Input records Start Marker

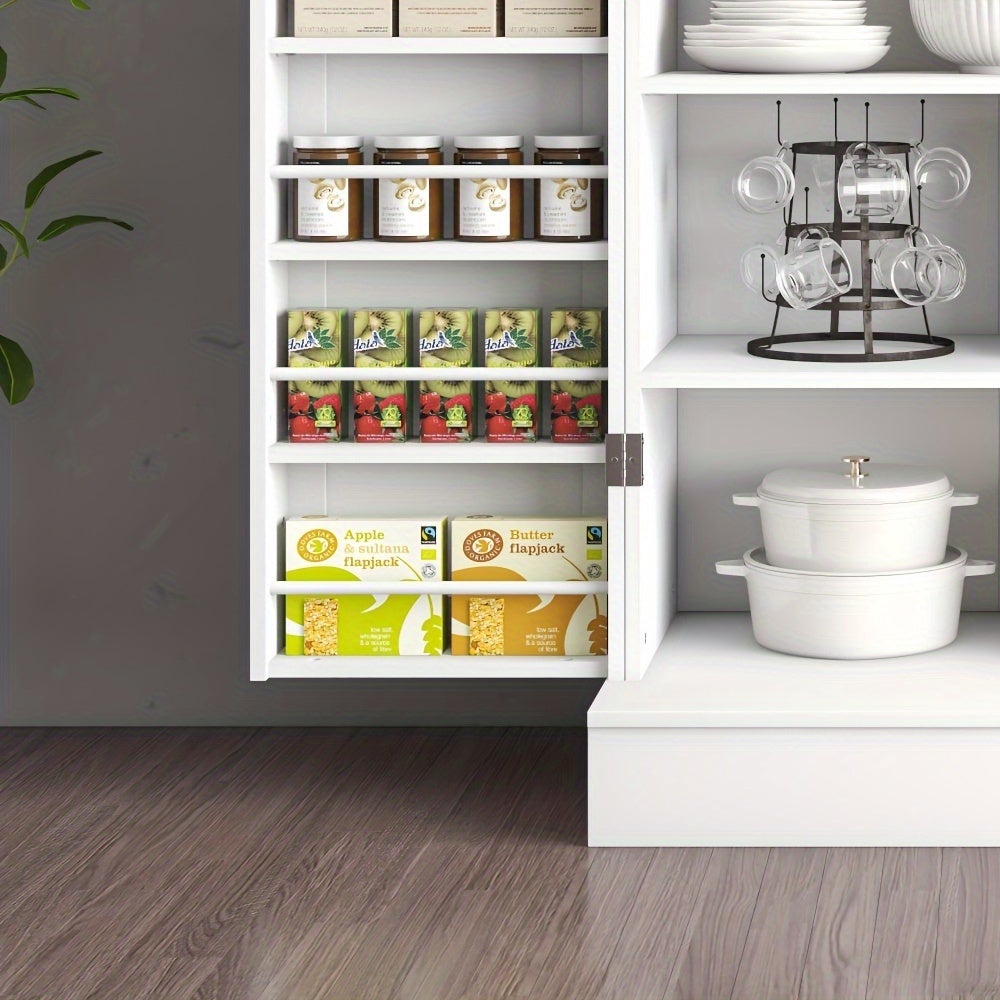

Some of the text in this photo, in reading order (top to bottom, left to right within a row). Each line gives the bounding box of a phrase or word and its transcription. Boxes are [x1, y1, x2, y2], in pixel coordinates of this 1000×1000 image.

[343, 530, 385, 542] Apple
[509, 530, 554, 540] Butter
[344, 543, 409, 554] & sultana
[509, 543, 565, 556] flapjack
[344, 556, 399, 569] flapjack
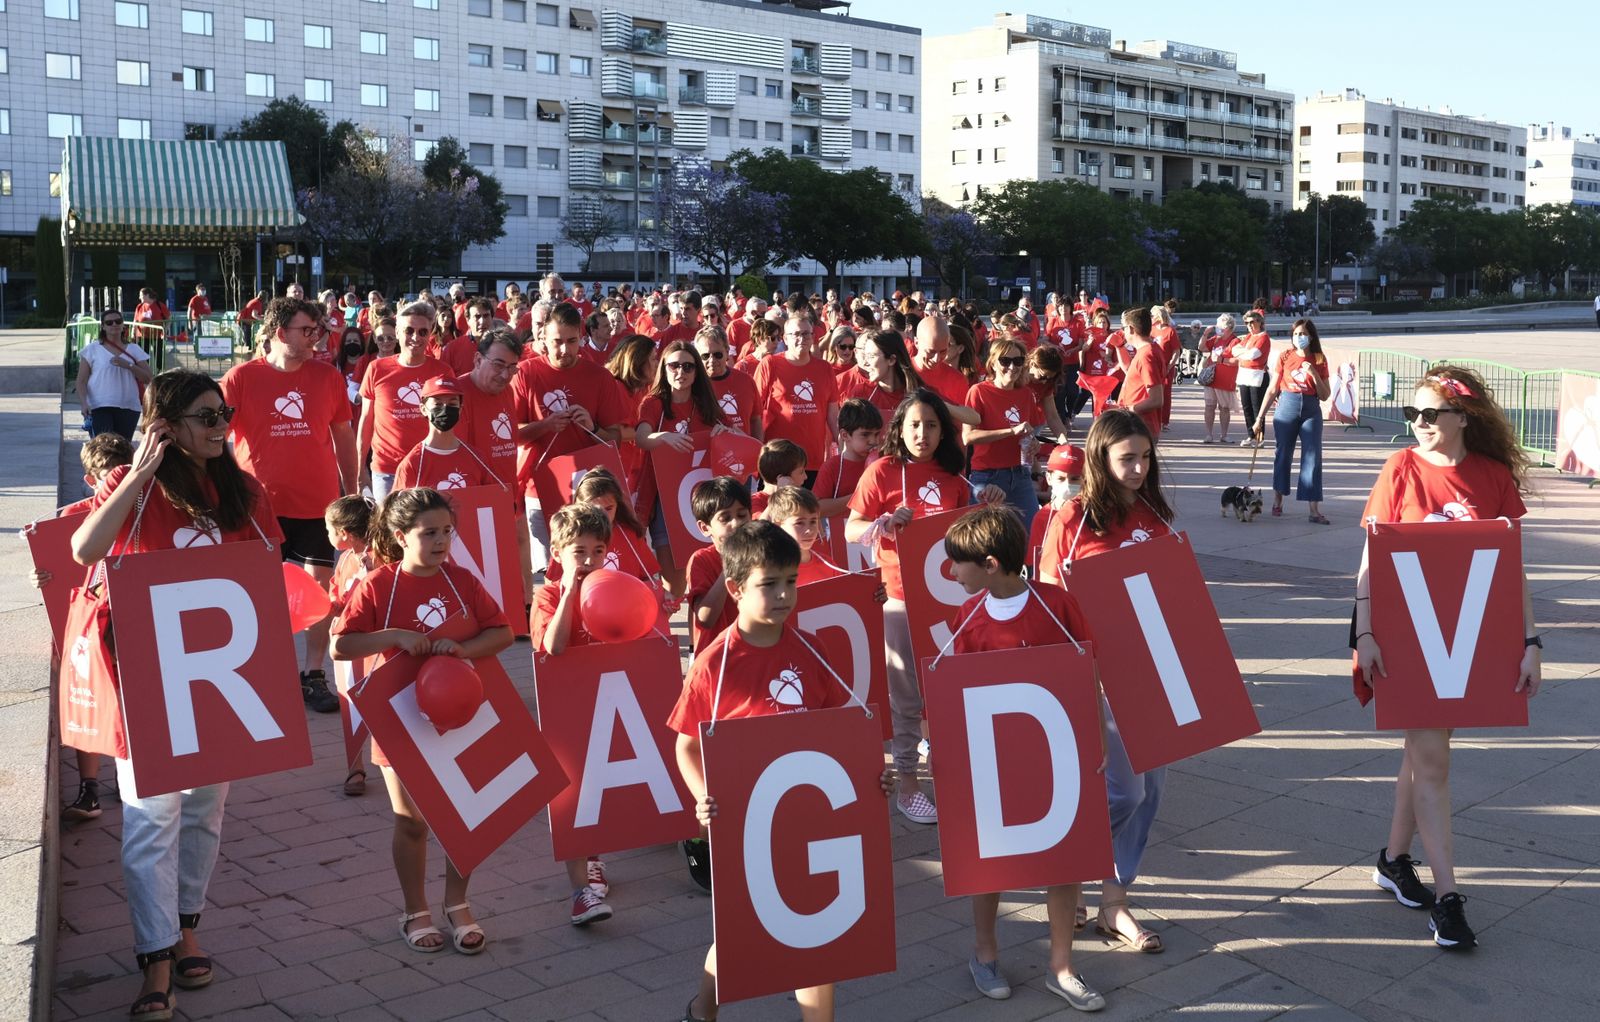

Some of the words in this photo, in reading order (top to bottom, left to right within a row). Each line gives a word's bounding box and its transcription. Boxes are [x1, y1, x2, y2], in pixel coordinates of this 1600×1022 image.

[271, 423, 290, 431] regala
[292, 421, 308, 429] VIDA
[286, 430, 311, 438] órganos
[150, 579, 284, 756] R
[1123, 573, 1202, 727] I
[1391, 549, 1500, 699] V
[388, 658, 539, 832] E
[573, 670, 684, 828] A
[963, 683, 1081, 859] D
[743, 750, 866, 949] G
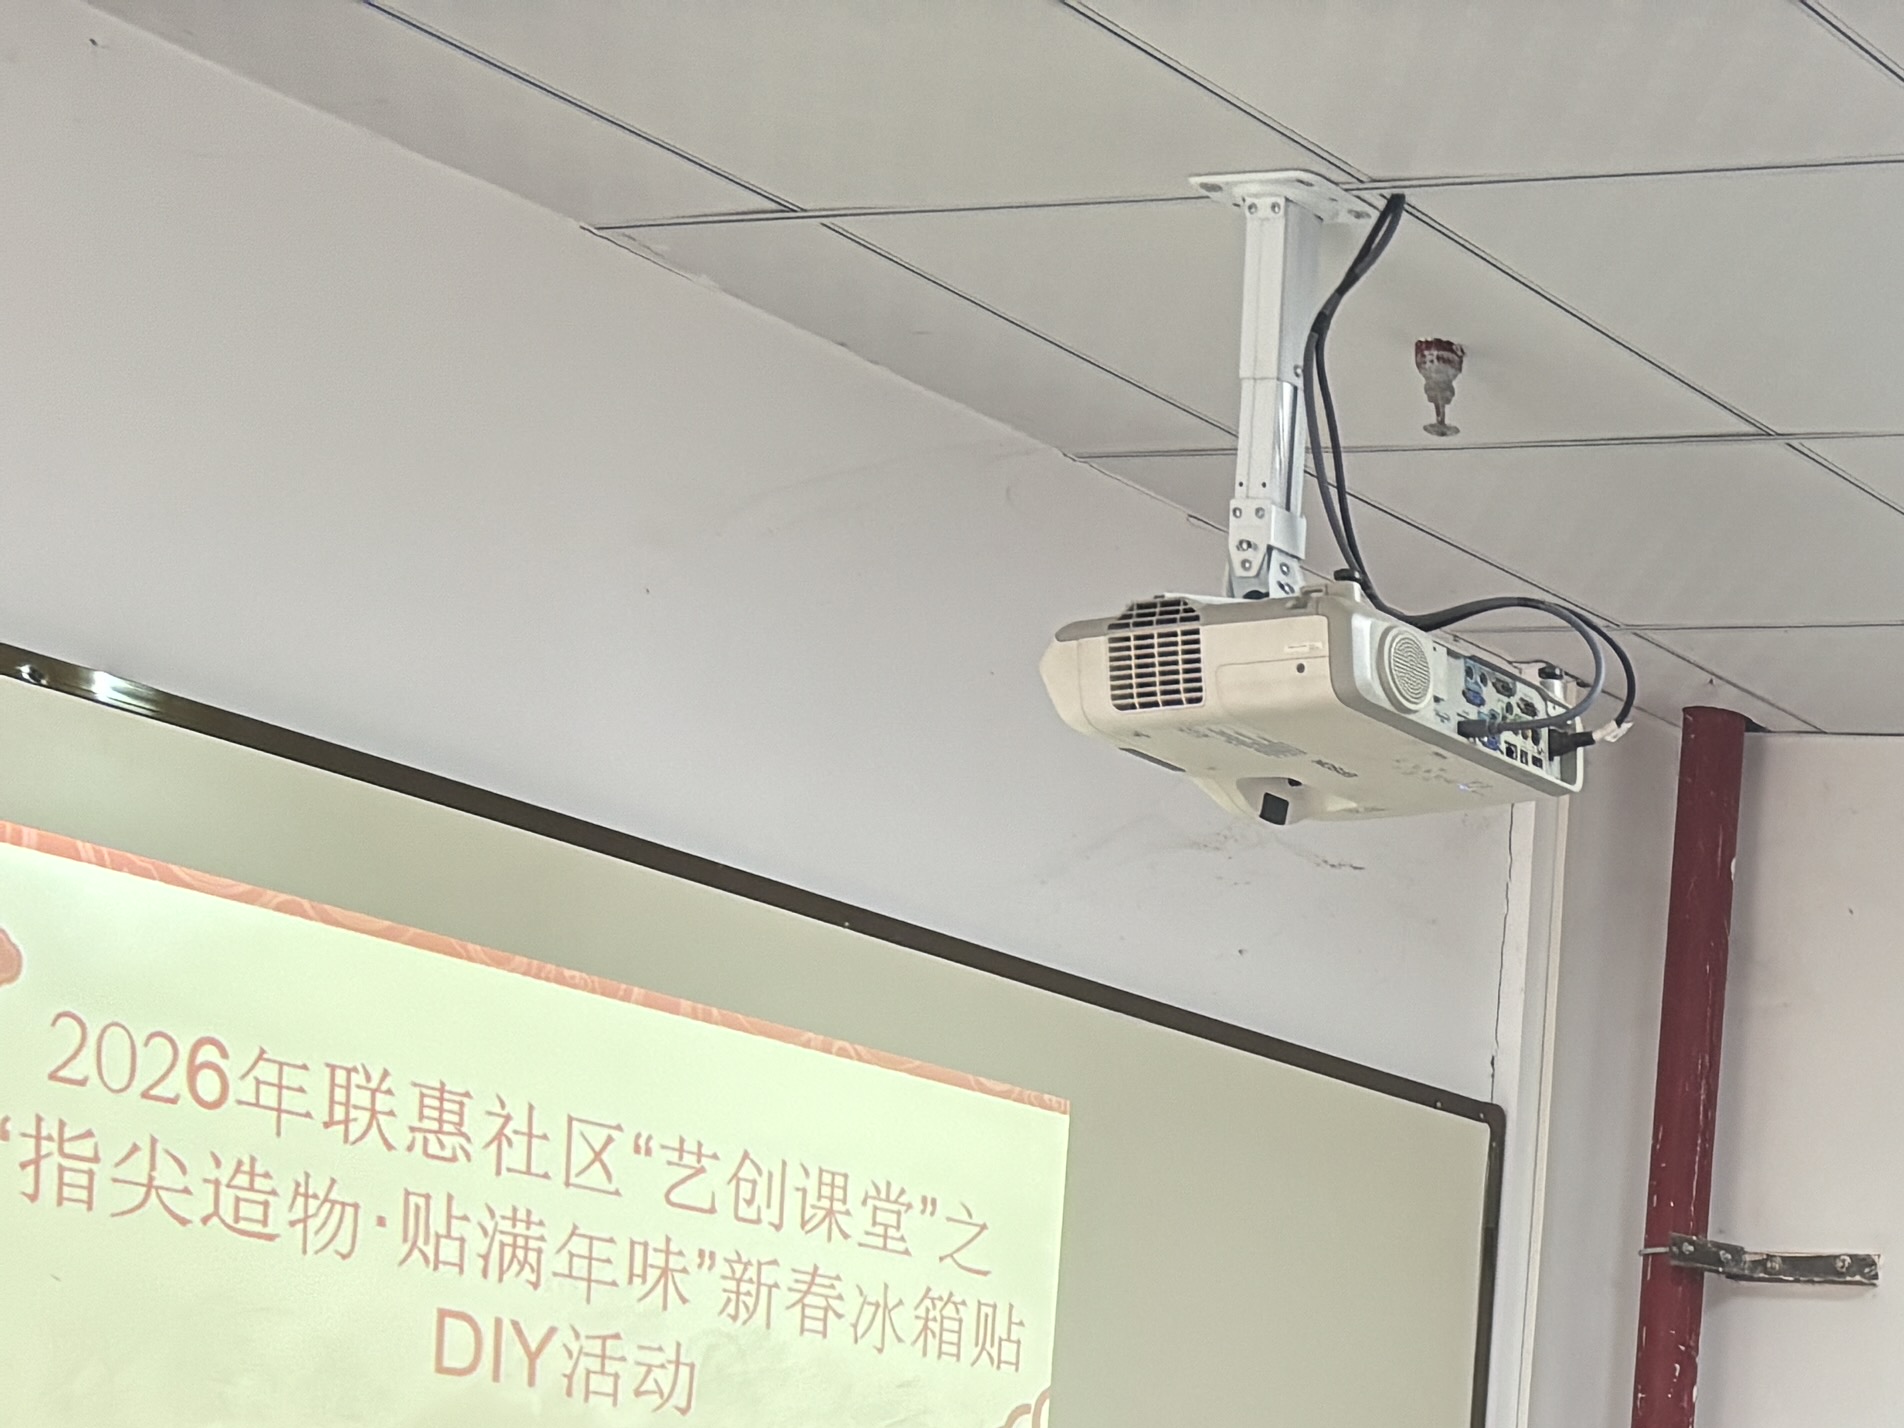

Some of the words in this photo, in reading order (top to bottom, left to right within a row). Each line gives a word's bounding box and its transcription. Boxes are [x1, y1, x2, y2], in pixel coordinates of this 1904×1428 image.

Input records End Marker

In your copy of the listing, please omit the pictures and keep every word exact.

Result of this task.
Some of the text in this photo, in reading order (top to bottom, left to right within a row). Each line gives the bounding box of a phrase or word and its transcription. Boxes are [x1, y1, x2, y2], in pixel coordinates of this 1000×1000 image.

[343, 530, 385, 542] Apple
[509, 530, 554, 540] Butter
[344, 543, 409, 554] & sultana
[509, 543, 565, 556] flapjack
[344, 556, 399, 569] flapjack

Some of the words in this photo, in reading order (top to bottom, left to right within a row). Each line gives a word's bounding box and its transcription. Boxes are [x1, y1, x2, y2], in pixel coordinates of this 1600×1022 image.

[271, 423, 290, 431] regala
[292, 421, 308, 429] VIDA
[286, 430, 311, 438] órganos
[150, 579, 284, 756] R
[1123, 573, 1202, 727] I
[1391, 549, 1500, 699] V
[388, 658, 539, 832] E
[573, 670, 684, 828] A
[963, 683, 1081, 859] D
[743, 750, 866, 949] G

Some of the words in this photo, in reading order (top to bottom, left to right within a row). Each line gives a word's bounding box and its transcription. Boxes are [x1, y1, x2, y2], in pixel coordinates of this 1904×1428 image.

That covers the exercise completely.